Netflix’s second season of its original series “Mindhunter” is expected to explore the case, and last year the murders were the subject of the acclaimed podcast “Atlanta Monster” by Atlanta-based HowStuffWorks and Tenderfoot Productions.

Who will be looking at the evidence?

Mayor Bottoms and Atlanta Police Chief Shields said the fresh look at the evidence will be multijurisdictional.

Along with APD, the Fulton County District Attorney’s Office and the Georgia Bureau of Investigation will be involved in the investigation. Shields said using modern technology, they will test stored evidence like DNA and cloth and carpet fibers.
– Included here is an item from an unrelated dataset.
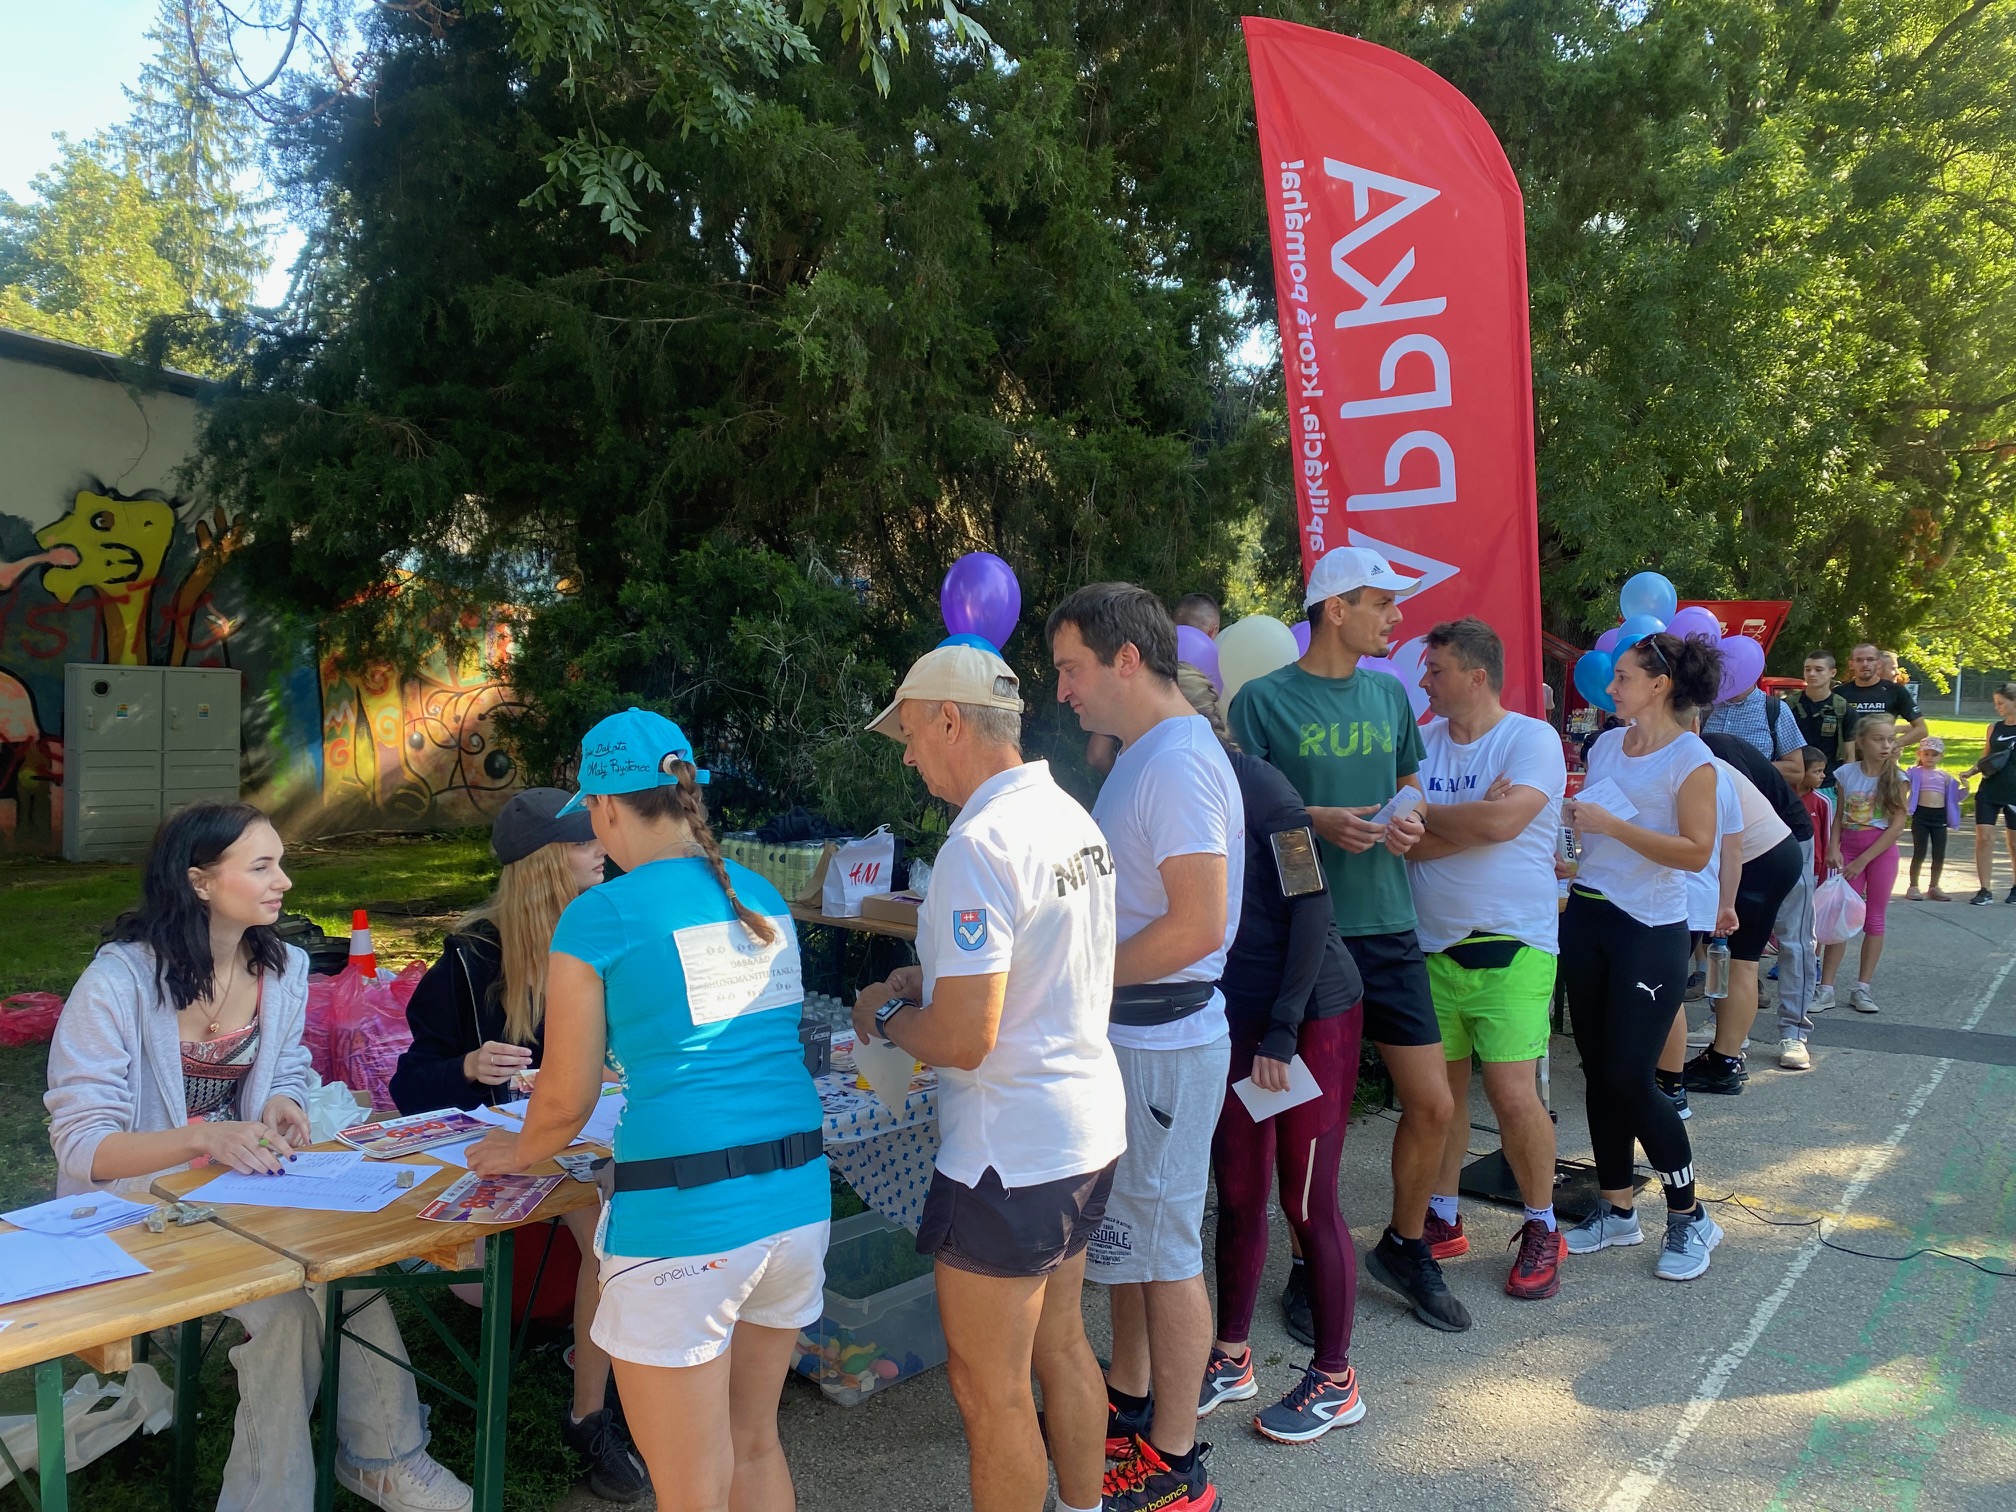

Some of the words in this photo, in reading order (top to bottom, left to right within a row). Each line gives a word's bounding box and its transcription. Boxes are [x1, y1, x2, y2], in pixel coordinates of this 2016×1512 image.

Fulton County District Attorney Paul Howard said this will be the first project of his office’s soon-to-be formed Conviction Integrity Unit.

On Saturday, the APD announced the department had set up a dedicated telephone line to receive information that might be helpful to investigators.

Anyone who would like to offer information in any of the cases may call 404-546-2603. If an officer or investigator is not able to answer the phone, callers are encouraged to leave a message with a call-back number for follow-up.